╭─ Source material

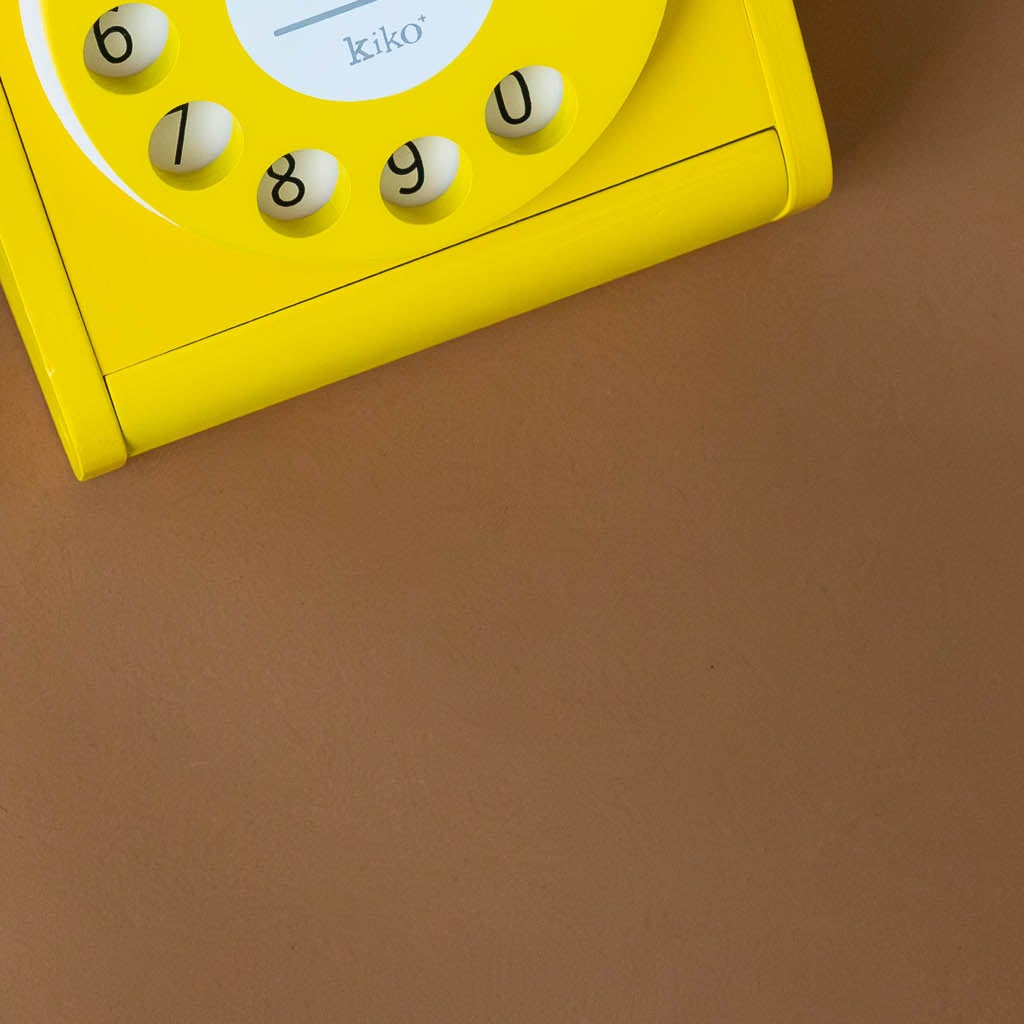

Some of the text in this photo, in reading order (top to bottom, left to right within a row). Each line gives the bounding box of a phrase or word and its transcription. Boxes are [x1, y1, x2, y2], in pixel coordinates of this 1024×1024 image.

[93, 6, 133, 64] 6
[493, 70, 532, 125] 0
[165, 102, 189, 166] 7
[266, 153, 306, 208] 8
[387, 140, 425, 195] 9

╰─

**Your instructions**.
Extract all the entries word for word; omit any pictures.

**Result**.
Some of the text in this photo, in reading order (top to bottom, left to right within a row). Each line gives the bounding box of a phrase or word and its transcription. Boxes are [x1, y1, x2, y2], in pixel coordinates of this 1024×1024 image.

[93, 6, 133, 64] 6
[493, 70, 532, 125] 0
[165, 102, 189, 166] 7
[266, 153, 306, 208] 8
[387, 140, 425, 195] 9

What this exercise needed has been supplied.